▶ Dataset records:
---*---

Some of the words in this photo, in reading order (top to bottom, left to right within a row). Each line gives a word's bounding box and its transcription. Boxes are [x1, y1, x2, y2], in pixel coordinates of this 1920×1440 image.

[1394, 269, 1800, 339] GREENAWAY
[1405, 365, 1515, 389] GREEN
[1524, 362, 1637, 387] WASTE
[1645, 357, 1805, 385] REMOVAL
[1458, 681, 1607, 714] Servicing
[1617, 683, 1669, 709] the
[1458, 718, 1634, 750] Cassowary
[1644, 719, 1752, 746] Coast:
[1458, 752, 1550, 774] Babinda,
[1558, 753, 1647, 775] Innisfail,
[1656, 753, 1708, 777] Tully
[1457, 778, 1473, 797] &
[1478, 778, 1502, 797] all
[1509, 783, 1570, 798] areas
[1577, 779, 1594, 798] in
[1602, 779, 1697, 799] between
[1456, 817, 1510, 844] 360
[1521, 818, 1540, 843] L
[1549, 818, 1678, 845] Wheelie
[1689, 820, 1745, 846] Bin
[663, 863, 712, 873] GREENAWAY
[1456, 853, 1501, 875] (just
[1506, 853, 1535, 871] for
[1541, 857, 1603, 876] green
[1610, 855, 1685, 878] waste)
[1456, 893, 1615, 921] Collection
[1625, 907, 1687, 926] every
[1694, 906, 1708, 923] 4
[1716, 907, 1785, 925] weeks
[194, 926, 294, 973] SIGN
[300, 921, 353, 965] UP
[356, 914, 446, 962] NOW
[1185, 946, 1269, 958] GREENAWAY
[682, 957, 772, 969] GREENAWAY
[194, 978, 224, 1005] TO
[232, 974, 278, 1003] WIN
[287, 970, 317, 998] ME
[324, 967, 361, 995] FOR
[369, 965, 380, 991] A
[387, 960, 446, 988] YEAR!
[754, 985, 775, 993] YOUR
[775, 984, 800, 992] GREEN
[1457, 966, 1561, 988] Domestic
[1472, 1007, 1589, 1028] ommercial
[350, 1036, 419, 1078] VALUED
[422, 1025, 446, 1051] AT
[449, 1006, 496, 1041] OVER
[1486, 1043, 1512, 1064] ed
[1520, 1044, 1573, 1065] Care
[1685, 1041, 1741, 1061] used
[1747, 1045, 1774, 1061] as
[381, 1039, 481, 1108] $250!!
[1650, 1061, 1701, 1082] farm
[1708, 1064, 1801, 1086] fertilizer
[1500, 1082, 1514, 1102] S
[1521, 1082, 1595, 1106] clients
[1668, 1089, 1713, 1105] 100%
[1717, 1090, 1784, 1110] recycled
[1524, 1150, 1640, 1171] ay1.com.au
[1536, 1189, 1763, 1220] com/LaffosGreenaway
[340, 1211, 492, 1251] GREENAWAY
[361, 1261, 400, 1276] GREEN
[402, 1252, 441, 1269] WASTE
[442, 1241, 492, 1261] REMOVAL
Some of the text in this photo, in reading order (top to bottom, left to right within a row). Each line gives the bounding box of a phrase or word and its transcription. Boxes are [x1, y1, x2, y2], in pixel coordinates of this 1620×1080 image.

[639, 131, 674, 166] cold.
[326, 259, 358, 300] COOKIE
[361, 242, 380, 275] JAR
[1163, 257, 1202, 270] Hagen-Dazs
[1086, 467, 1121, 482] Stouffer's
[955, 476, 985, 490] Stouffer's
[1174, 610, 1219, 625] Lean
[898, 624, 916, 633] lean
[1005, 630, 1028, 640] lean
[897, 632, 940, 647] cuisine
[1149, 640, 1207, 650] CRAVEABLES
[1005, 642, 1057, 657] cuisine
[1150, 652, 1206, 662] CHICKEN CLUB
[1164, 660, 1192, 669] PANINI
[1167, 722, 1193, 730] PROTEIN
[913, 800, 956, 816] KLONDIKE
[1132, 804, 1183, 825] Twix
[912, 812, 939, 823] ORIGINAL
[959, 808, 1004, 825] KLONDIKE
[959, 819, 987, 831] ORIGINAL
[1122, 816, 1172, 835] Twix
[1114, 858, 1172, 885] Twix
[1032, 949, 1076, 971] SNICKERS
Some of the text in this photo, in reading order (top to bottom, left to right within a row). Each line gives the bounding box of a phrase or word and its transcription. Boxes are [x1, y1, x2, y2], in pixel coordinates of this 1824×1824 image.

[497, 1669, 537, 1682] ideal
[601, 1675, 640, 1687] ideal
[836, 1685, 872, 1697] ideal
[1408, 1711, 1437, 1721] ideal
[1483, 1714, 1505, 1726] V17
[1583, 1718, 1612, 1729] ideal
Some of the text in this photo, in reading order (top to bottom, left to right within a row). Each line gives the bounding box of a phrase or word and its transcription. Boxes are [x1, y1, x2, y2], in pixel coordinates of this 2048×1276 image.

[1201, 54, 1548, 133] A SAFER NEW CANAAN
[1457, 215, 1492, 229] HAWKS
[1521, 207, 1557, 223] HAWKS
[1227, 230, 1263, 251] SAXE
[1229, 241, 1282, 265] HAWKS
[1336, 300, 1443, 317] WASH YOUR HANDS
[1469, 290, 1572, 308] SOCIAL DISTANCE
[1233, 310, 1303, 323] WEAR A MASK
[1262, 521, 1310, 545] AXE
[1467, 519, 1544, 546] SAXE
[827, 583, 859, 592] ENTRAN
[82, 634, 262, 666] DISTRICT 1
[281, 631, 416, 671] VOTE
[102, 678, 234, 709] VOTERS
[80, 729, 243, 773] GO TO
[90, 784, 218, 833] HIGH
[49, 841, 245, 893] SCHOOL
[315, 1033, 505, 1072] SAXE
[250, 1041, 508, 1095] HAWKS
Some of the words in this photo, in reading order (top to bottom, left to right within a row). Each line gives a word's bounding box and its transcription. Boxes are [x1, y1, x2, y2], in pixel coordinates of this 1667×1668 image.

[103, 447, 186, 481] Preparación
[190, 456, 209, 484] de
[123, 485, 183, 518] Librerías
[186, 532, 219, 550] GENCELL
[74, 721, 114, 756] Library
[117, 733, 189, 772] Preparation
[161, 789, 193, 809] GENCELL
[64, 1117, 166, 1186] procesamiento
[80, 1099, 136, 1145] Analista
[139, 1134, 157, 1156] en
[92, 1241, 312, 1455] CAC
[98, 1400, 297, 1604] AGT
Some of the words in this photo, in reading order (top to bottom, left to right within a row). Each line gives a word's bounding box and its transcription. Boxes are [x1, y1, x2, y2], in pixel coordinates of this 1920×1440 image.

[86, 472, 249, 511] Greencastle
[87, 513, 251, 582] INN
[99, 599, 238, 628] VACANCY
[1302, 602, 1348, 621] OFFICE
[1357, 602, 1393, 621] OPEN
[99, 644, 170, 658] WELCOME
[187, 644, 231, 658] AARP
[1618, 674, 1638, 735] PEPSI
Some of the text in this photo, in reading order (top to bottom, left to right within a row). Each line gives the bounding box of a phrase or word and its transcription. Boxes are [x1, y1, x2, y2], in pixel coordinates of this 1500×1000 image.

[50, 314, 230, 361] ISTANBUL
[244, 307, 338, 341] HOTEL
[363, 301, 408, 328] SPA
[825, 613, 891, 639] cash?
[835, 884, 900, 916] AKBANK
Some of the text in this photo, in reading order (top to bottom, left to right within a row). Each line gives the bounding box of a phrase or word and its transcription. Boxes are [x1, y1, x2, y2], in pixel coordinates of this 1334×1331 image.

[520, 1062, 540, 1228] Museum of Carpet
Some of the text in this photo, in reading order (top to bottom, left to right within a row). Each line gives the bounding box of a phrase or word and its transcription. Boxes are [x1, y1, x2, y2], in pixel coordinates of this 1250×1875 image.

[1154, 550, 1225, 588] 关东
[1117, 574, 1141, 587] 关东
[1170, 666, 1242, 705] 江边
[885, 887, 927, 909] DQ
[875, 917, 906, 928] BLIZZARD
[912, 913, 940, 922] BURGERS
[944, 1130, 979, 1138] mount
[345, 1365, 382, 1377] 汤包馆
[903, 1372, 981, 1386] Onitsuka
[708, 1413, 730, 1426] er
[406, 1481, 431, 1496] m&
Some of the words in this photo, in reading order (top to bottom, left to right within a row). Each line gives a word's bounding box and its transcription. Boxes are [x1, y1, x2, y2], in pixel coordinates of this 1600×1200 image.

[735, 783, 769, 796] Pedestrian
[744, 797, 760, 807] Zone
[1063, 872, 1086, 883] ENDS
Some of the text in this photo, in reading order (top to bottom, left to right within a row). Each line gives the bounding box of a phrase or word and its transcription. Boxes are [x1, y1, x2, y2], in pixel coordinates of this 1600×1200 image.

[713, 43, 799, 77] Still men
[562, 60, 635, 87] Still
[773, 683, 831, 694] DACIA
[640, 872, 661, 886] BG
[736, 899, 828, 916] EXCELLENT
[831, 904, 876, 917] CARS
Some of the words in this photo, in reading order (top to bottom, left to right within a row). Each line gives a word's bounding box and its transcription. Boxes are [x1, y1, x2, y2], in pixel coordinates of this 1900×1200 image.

---*---

▶ Requirement: Using the records above, please repeat the line with "this 1250×1875 image." and every line after it exactly, and give no other text.

▶ Exercise response:
Some of the text in this photo, in reading order (top to bottom, left to right within a row). Each line gives the bounding box of a phrase or word and its transcription. Boxes are [x1, y1, x2, y2], in pixel coordinates of this 1250×1875 image.

[1154, 550, 1225, 588] 关东
[1117, 574, 1141, 587] 关东
[1170, 666, 1242, 705] 江边
[885, 887, 927, 909] DQ
[875, 917, 906, 928] BLIZZARD
[912, 913, 940, 922] BURGERS
[944, 1130, 979, 1138] mount
[345, 1365, 382, 1377] 汤包馆
[903, 1372, 981, 1386] Onitsuka
[708, 1413, 730, 1426] er
[406, 1481, 431, 1496] m&
Some of the words in this photo, in reading order (top to bottom, left to right within a row). Each line gives a word's bounding box and its transcription. Boxes are [x1, y1, x2, y2], in pixel coordinates of this 1600×1200 image.

[735, 783, 769, 796] Pedestrian
[744, 797, 760, 807] Zone
[1063, 872, 1086, 883] ENDS
Some of the text in this photo, in reading order (top to bottom, left to right within a row). Each line gives the bounding box of a phrase or word and its transcription. Boxes are [x1, y1, x2, y2], in pixel coordinates of this 1600×1200 image.

[713, 43, 799, 77] Still men
[562, 60, 635, 87] Still
[773, 683, 831, 694] DACIA
[640, 872, 661, 886] BG
[736, 899, 828, 916] EXCELLENT
[831, 904, 876, 917] CARS
Some of the words in this photo, in reading order (top to bottom, left to right within a row). Each line gives a word's bounding box and its transcription. Boxes are [x1, y1, x2, y2], in pixel coordinates of this 1900×1200 image.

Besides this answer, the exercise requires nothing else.